水の酸素安定同位体比から見た中国毛烏素沙地における植物の水利用様式

*小山晋平(京大・農), 松尾奈緒子(三重大・生物資源), 大手信人(東大・農), 隠岐健児, 小鹿耕平, 垣本大(三重大・生物資源), 王林和(内蒙古農業大), 吉川賢(岡大・農)
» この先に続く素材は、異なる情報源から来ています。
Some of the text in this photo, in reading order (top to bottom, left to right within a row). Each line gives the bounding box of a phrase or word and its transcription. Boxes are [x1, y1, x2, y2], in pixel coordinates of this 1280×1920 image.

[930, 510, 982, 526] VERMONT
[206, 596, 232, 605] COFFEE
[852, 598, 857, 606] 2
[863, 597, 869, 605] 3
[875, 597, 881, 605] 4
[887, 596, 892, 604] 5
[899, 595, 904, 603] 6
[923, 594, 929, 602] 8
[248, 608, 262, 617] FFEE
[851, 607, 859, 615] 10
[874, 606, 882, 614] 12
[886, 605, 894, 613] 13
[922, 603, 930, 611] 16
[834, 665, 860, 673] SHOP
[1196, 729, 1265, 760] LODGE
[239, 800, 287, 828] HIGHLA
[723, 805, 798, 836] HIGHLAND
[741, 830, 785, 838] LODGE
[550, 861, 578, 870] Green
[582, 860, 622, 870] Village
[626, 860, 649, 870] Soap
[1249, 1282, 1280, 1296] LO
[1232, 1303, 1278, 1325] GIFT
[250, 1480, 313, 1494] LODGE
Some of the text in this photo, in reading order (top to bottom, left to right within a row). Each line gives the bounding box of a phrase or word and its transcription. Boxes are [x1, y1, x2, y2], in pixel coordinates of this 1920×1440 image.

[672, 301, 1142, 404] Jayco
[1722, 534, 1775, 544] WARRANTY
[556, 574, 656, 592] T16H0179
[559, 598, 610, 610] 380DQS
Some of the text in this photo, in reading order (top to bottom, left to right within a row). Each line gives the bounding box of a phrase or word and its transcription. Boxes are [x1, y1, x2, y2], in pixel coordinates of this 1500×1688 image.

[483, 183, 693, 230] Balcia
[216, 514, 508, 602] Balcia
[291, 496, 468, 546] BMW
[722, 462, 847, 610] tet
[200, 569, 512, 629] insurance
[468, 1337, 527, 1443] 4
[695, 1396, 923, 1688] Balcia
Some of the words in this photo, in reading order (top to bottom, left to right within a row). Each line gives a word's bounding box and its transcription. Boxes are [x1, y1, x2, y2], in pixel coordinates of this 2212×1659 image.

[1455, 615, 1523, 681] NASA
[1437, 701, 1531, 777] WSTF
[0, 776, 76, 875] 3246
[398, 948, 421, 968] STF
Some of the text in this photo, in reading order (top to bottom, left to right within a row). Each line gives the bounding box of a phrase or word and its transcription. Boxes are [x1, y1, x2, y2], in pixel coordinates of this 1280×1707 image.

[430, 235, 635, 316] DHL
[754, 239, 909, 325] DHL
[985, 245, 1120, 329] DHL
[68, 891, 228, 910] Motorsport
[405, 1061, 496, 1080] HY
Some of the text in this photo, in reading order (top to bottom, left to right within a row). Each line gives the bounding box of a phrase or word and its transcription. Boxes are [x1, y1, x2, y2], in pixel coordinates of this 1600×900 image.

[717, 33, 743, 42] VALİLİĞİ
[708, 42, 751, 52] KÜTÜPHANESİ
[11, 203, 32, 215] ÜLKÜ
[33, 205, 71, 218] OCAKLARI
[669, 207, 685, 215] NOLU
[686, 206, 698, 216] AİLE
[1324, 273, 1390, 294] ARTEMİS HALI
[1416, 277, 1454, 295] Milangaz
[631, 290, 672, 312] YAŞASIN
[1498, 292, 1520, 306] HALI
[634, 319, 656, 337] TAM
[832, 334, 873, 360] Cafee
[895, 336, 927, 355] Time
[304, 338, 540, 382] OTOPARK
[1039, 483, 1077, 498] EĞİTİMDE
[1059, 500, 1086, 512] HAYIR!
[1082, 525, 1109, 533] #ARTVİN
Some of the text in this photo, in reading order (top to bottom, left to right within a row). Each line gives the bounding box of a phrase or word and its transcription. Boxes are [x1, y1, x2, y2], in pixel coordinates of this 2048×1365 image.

乾燥地における木本植物の水利用様式を明らかにするため,中国北部の半乾燥地において代表的な種の調査を進めている.近年, 蒸散に伴い葉内の水に同位体濃縮が起こることを利用して, 葉内水と茎内水の酸素安定同位体比(δ18O)から植物の蒸散特性を評価するモデルが提案されてきた(Farquhar & Lloyd 1993). このモデルの適用と検証を上記の乾燥地に生育する植物で行うため, ポロメーター(LI1600, Li-Cor)での気孔コンダクタンスの測定と併せて葉と枝を採集し, 葉内水と茎内水のδ18Oを測定した. また植物の吸水深度を推定するために, 地下水と表層から地下水面までの約6深度の土壌水を採集した. 土壌水, 茎内水, 葉内水は, バイアルに入れた土壌, 枝, 葉サンプルから真空蒸留法を用いて抽出した. 土壌水, 茎内水, 葉内水を同時に扱うことで, 植物体内での同位体濃縮の様子を明らかにする. 調査は2007年8月30日と9月2日に中国内蒙古自治区毛烏素沙地開発整治研究センタ−の図克で行った. 対象樹種は, ヒノキ科の臭柏(Sabina vulgaris), ヤナギ科の烏柳(Salix cheilophila), 沙柳(S. psammophila), 旱柳(S. matsudana), マメ科の檸条(Caragana korshinskii), キク科の油蒿(Artemisia ordosica)とした. 測定した葉内水の同位体濃縮(ΔLW)は日中変化し, 夜明け直後の値は0に近く, 日中増加し, 14時ごろをピークに減少する傾向が見られた. 測定した気孔コンダクタンスとΔLWの関係や, 上記モデルの適用と検証の結果を発表する.